Su piel limpia, sus débiles excusas; mi instinto gritaba que él nos quería muertos.
¿Pero por qué?
¿Por qué mi Luna?
¿Era por mí, mi manada, o algo más?
¿Algo sobre ella?
Abrí la puerta del auto para ella, y se deslizó dentro, sus movimientos rígidos, como si estuviera con dolor.
Subí a su lado, Brian encendiendo el motor, el zumbido fuerte en la noche tranquila.
El territorio de la Manada Colmillo se desvaneció detrás de nosotros, la casa de huéspedes ardiendo un resplandor rojo en la distancia.
No podía dejar de pensar en Nicolás, su sonrisa, su mano sobre mi Luna.
Mis puños se apretaron, Zeus gruñendo bajo, queriendo volver, confrontarlo, hacerle pagar.

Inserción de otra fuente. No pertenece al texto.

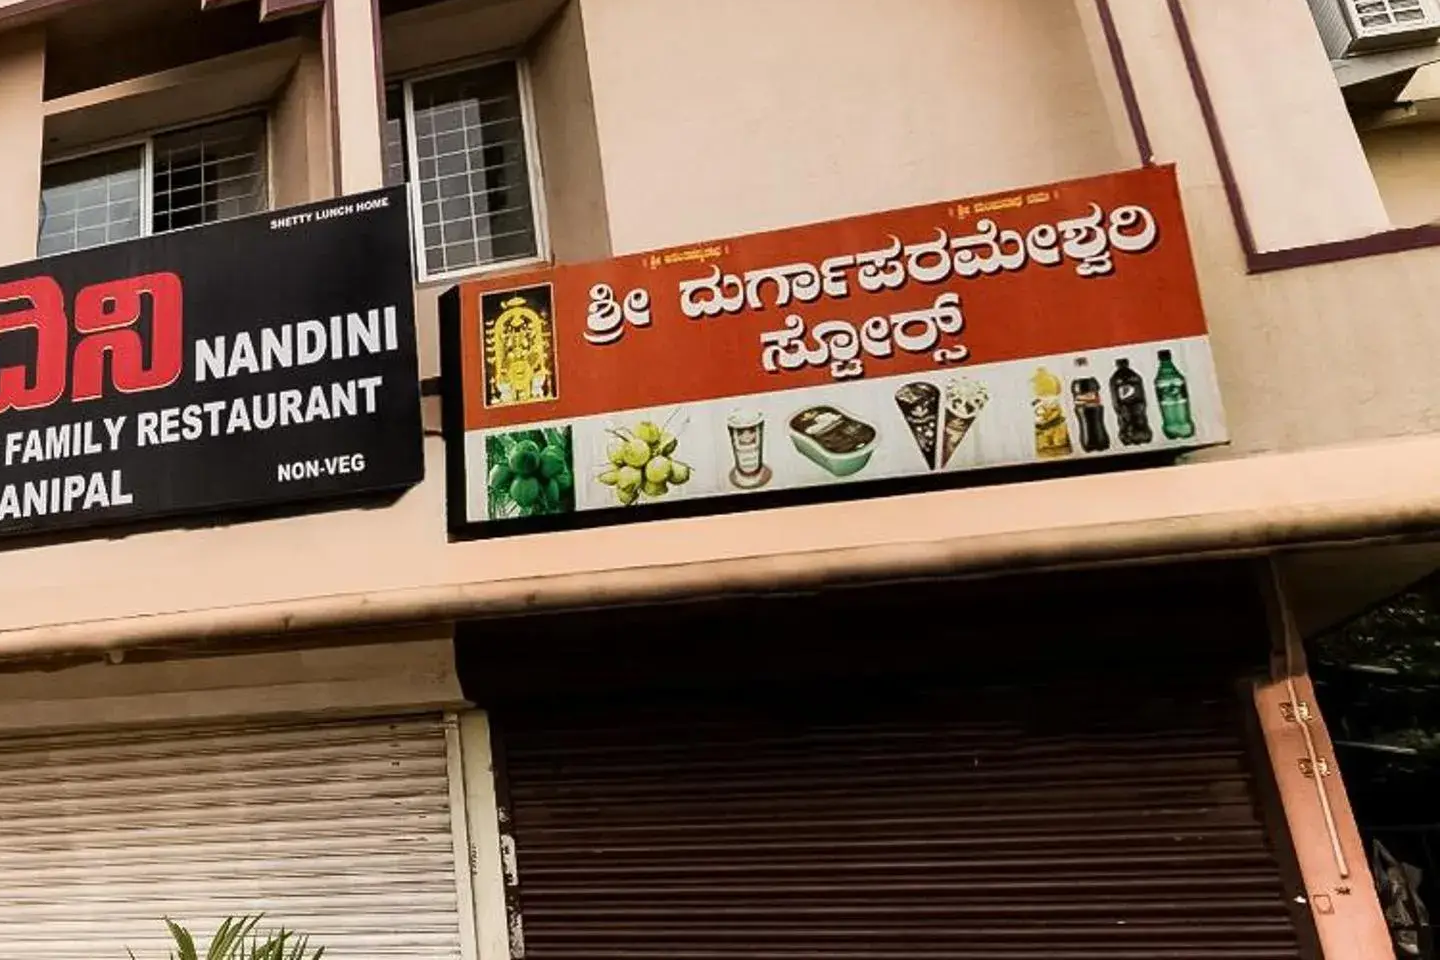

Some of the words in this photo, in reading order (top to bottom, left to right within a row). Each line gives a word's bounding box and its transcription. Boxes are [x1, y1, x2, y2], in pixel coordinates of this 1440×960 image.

[270, 212, 312, 230] SHETTY
[315, 205, 354, 221] LUNCH
[357, 197, 390, 213] HOME
[584, 281, 651, 343] ಶ್ರೀ
[194, 305, 399, 382] NANDINI
[5, 415, 128, 466] FAMILY
[136, 377, 383, 445] RESTAURANT
[277, 454, 365, 482] NON-VEG

Pero tenía que enfocarme en ella, en llevarnos a casa sanos y salvos.
La miré, su rostro vuelto hacia la ventana, sus manos apretadas en su regazo.
Parecía incómoda, sus hombros encorvados, su respiración irregular.
Mi corazón se retorció, la preocupación cortando a través de mi ira.
—Luna —dije, mi voz suave, alcanzando su mano.
Ella se estremeció, retirándose, y lo vi; un corte afilado en su palma, rojo y en carne viva, sangre manchando su piel.
Mi estómago se hundió, mi lobo rugiendo.
—¿Por qué no dijiste nada?
—pregunté, mi voz afilada, agarrando su mano suave pero firmemente.
Ella trató de alejarse, sus ojos abiertos, asustados.
—No es nada —dijo, su voz pequeña, temblorosa—.
No quería preocuparte.
—Sus palabras eran débiles, como si estuviera ocultando algo, y mi pecho se apretó.
Había pasado por demasiado; el ataque de Serafina, el fuego, el agarre de Nicolás; y aún trataba de ser fuerte.
Sostuve su mano más cerca, mis ojos clavados en el corte.
No era profundo, pero estaba fresco, enojado, y hacía hervir mi sangre.
¿Quién hizo esto?
¿El fuego?
¿Serafina?
¿Nicolás?
No pregunté, no todavía.
En cambio, presioné mi mano sobre la suya, mi palma cálida contra su piel fría.
Nadie sabía que tenía poderes de curación, un secreto que había guardado incluso de mi manada.
Me concentré, dejando que el calor fluyera de mí hacia ella, tomando el dolor, mi propia mano ardiendo mientras el corte se desvanecía, su piel uniéndose nuevamente.
Sus ojos se abrieron, su respiración entrecortada, pero no se alejó, su mano temblando en la mía.